Adjunctive Strategies for Severe ARDS
- 1) There is no single right answer as to which strategies should be used in severe ARDS. Each approach may or may not be feasible due to the resource constraints of the austere environment. If unfamiliar with these techniques, obtain teleconsultation.
- 2) Pressure Control – may include Inverse Ratio Ventilation (PC-IRV):
- EMV+ 731 with the most recent software package has the capability to do PC-IRV. While using AC-P mode, PC-IRV is achieved by increasing the Inspiratory-to-Expiratory (I:E) ratio above 1:2 (i.e. 1:1, 2:1, 3:1 and higher).
- PC-IRV cannot fully approximate Airway Pressure Release Ventilation (APRV), but is still the best available salvage mode using EMV+ 731.
- Once PEEP is maximized (or limited by peak inspiratory pressure) and oxygenation is still not yet at goal, increase the I:E ratio incrementally.
- Tidal volume goal remains the same as with conventional ventilation; adjust cycle time (60/RR) to optimize minute ventilation.
- Higher I:E ratios are not physiologic, so PC-IRV will likely require increased depth of sedation for patient comfort and synchrony.
- 3) Paralysis for Patient-Ventilator Synchronization
- Adequate depth of sedation is essential prior to starting a paralyzing medication; recommend RASS greater than -2.
- SCCM and DoD COVID-19 Practice Management Guide recommend intermittent paralytics over continuous infusions, if possible.

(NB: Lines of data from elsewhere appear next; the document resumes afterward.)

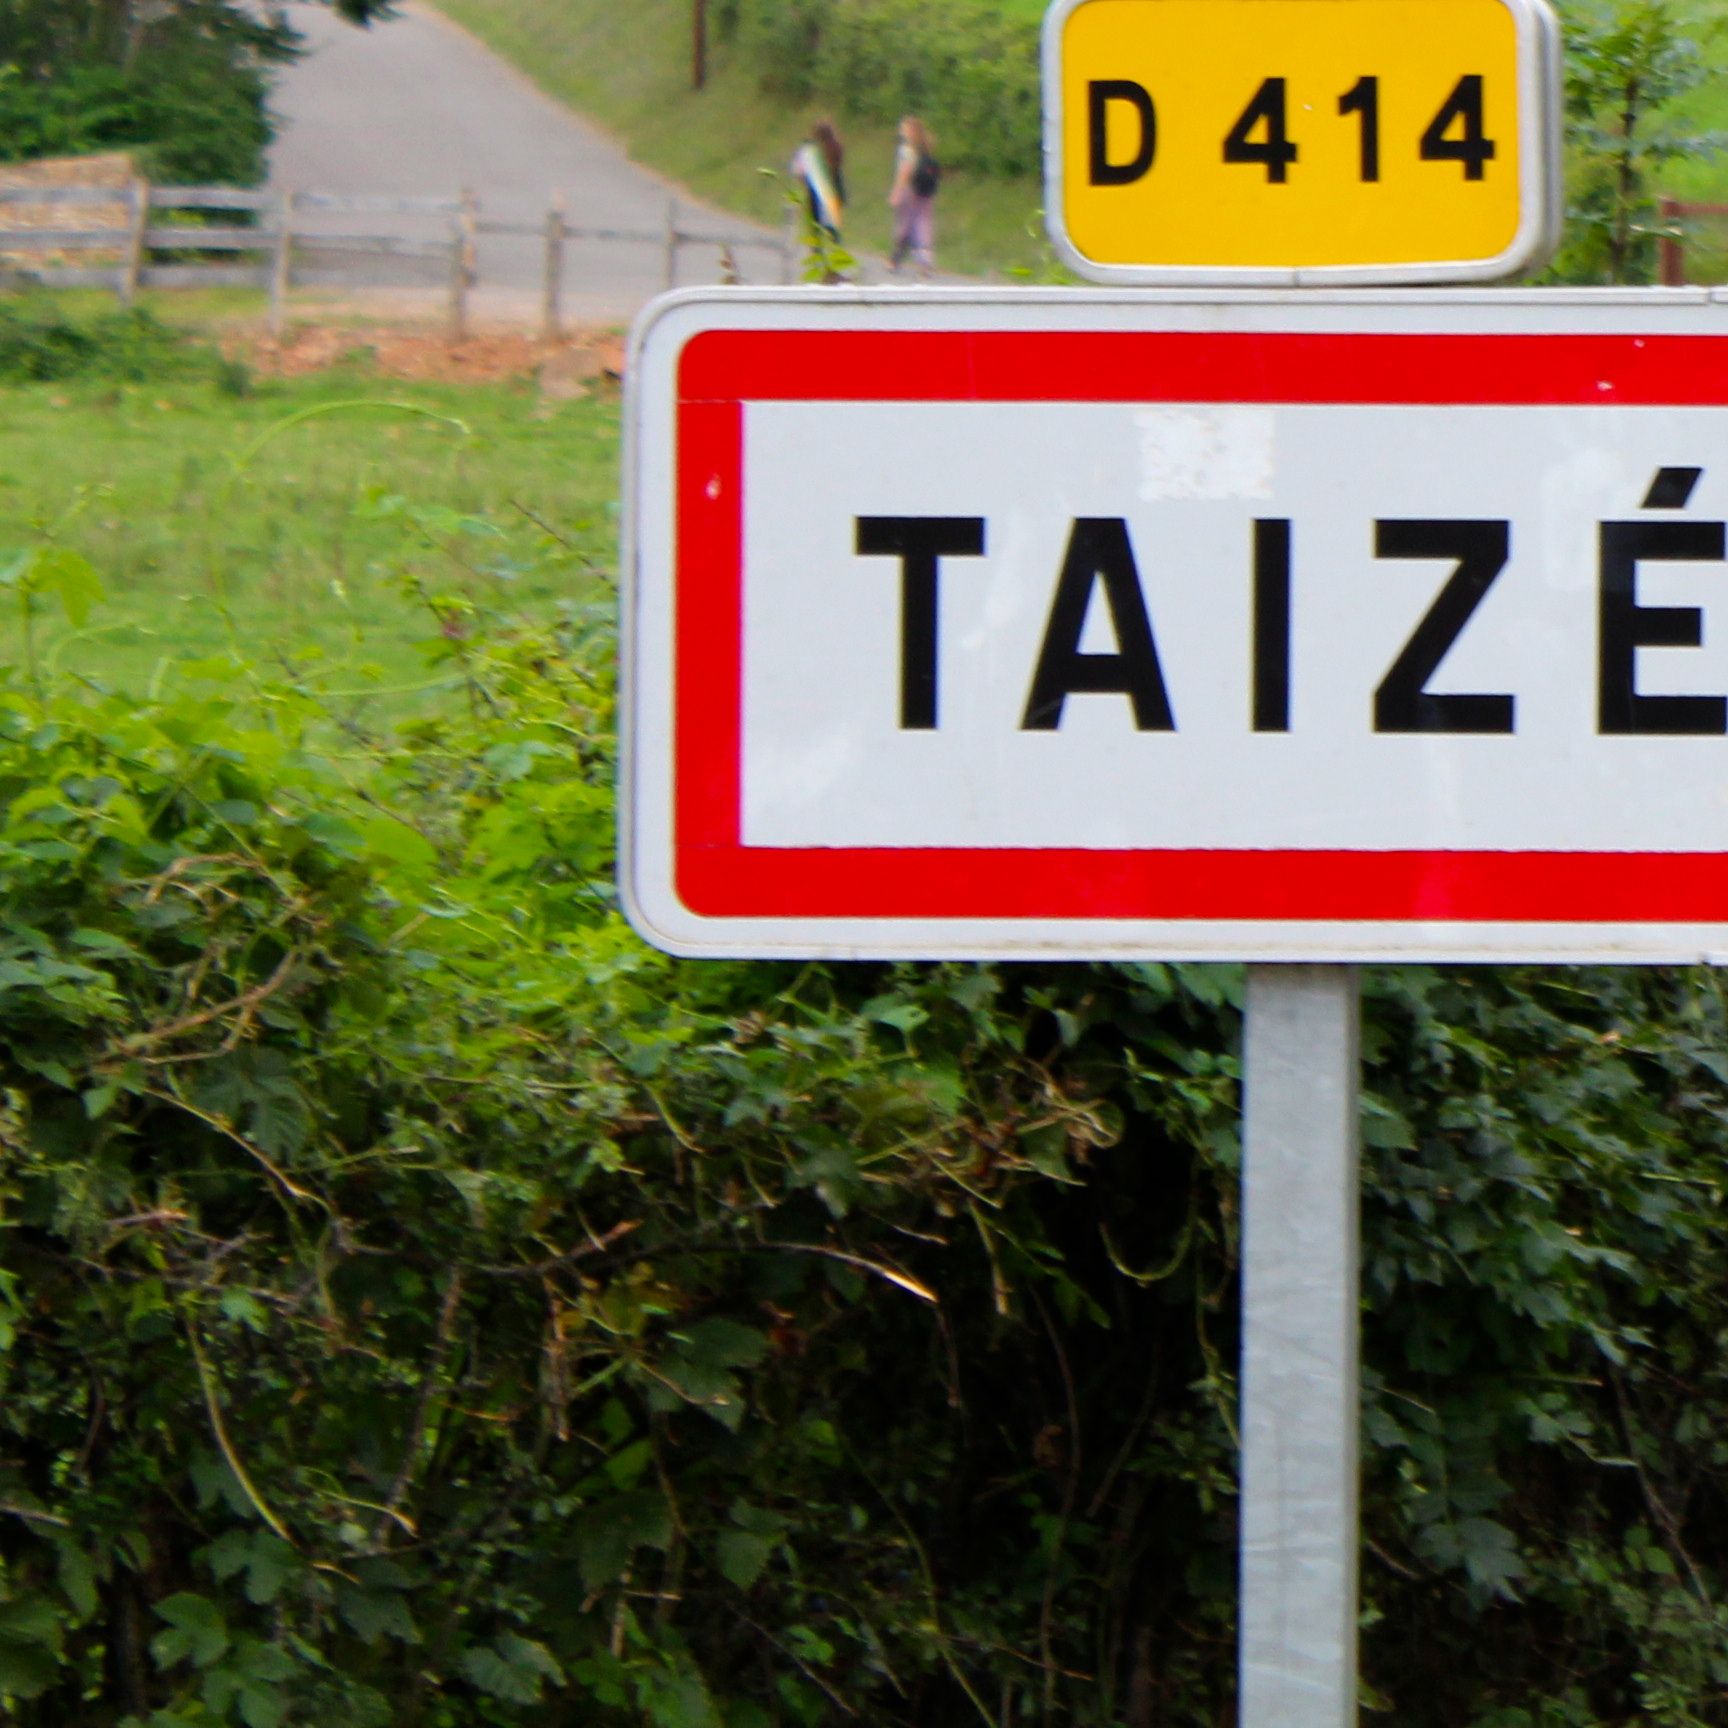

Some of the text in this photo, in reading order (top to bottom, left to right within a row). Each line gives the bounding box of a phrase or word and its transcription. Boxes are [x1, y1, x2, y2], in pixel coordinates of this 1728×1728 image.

[1087, 74, 1496, 186] D 414
[855, 467, 1728, 736] TAIZÉ
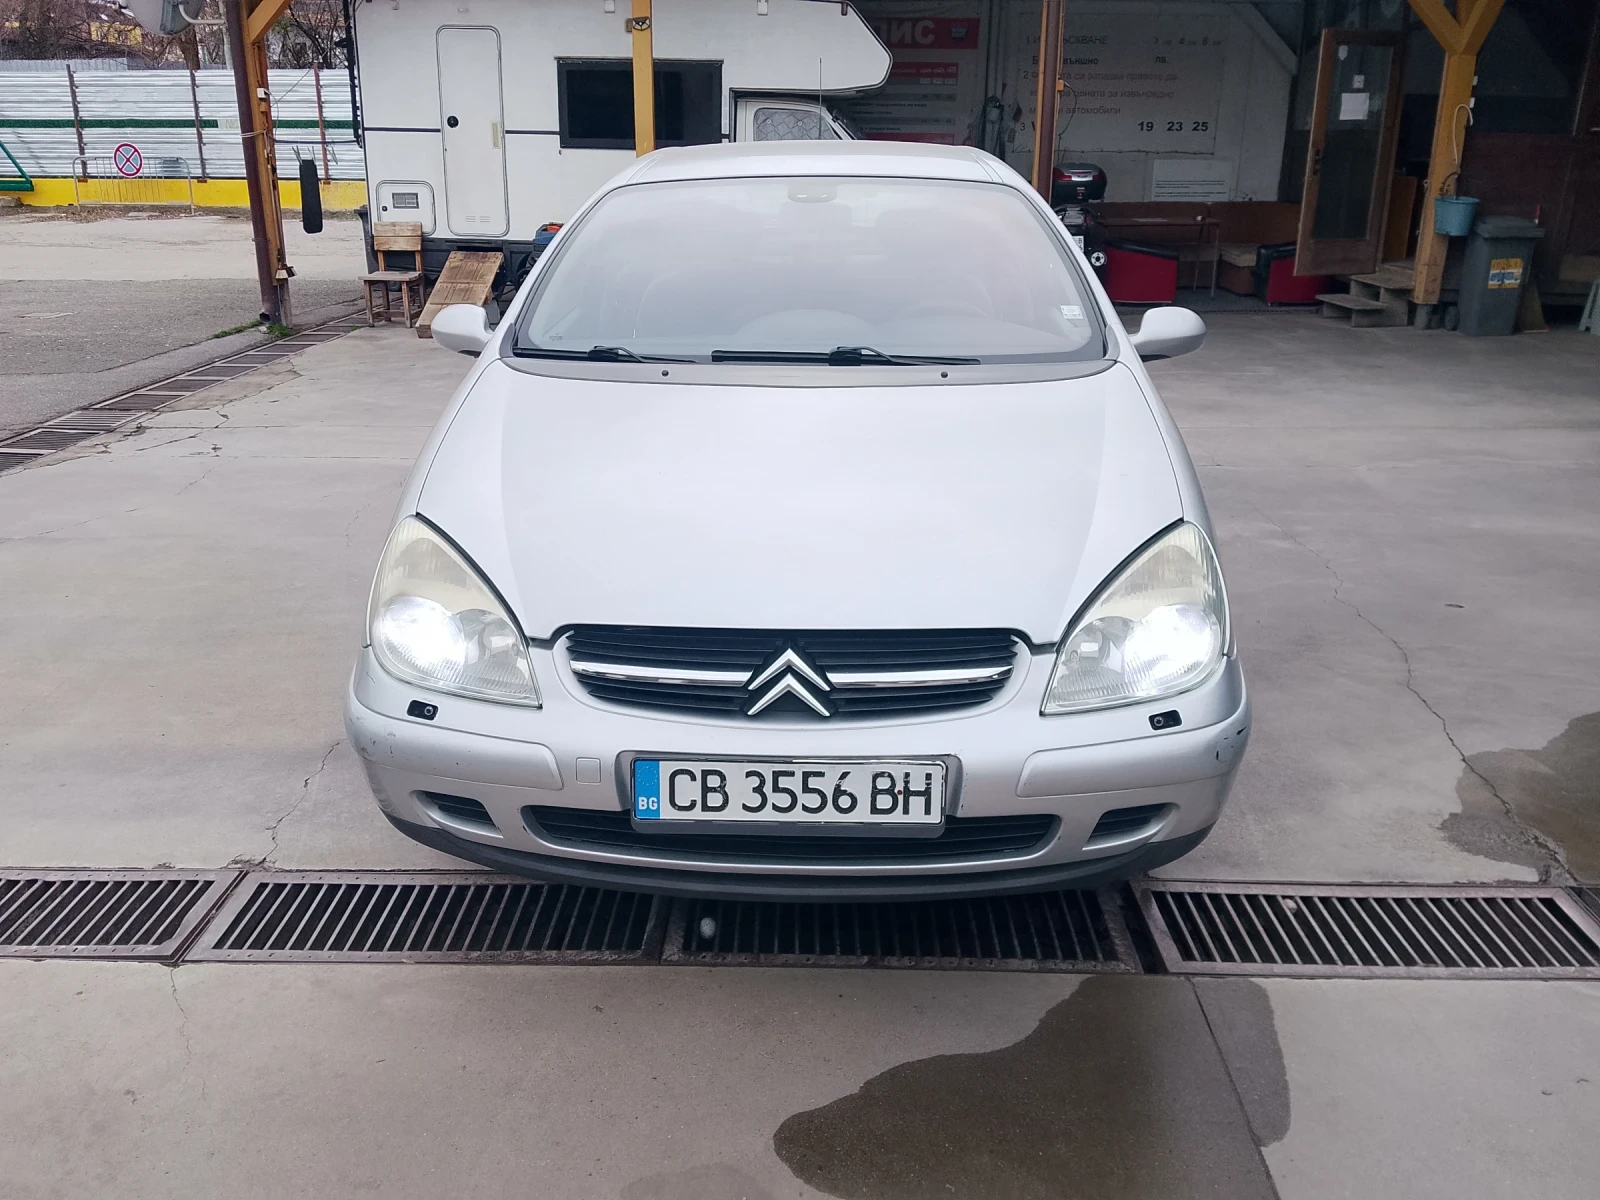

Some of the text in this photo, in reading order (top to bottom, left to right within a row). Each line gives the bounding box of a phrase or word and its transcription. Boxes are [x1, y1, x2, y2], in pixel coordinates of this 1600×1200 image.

[1137, 121, 1155, 132] 19
[1166, 121, 1184, 132] 23
[1191, 121, 1209, 132] 25
[638, 797, 658, 811] BG
[741, 769, 858, 815] 3556

Continuous infusion can result in prolonged paralysis if not closely monitored, especially if muscle twitch monitor is not available.
- Paralysis with Vecuronium:
- Bolus: 5mg to 10mg every 60-90 minutes as needed.
- Infusion: 0.8 to 1.2mcg/kg/min (approx. 80mcg/min for 80kg).
- Without pump: 40mg vecuronium in 250mL bag (50mL wasted) of normal saline yields 40mg/250mL = 160mcg/mL. For 80mcg/min = 0.5mL/min ~ 1gt every 12 seconds in 10gt tubing.
- Monitoring Goal:
- Absence of muscle movement and no evidence of spontaneous breathing on the ventilator. If possible, titrate to 2/4 TOF (testing device likely only available for surgical teams).
- Increased HR and BP may suggest inadequate sedation and should be empirically treated by increasing sedation.
- Once the patient is stabilized, consider holding the paralytic at least once every 24 hours to provide for assessment of sedation depth.
- DO NOT hold sedation until paralytic wears off unless absolutely necessary (e.g., sudden hypotension).
- 4) Prone Positioning
- “Awake Self-Proning” with high flow nasal cannula devices has been successfully used in patients with moderate to severe COVID-19 lung disease. If patients are unable to tolerate prone positioning (i.e. strong desire to remain in a tripod position), DO NOT force them into the prone position.
- Reference DoD COVID-19 Practice Management Guide for full details on prone positioning precautions and procedures.
- Placement of either a central line or additional peripheral access is strongly encouraged PRIOR to prone positioning.
- Have push-dose vasopressor medication available during the process of prone positioning and un-positioning, as hypotension frequently occurs.
- Proning cycle is generally 16 hours of prone positioning each 24 hours. Match the proning cycle to the daily care plan as much as possible.
- Prone positioning may not be feasible or safe during evacuation.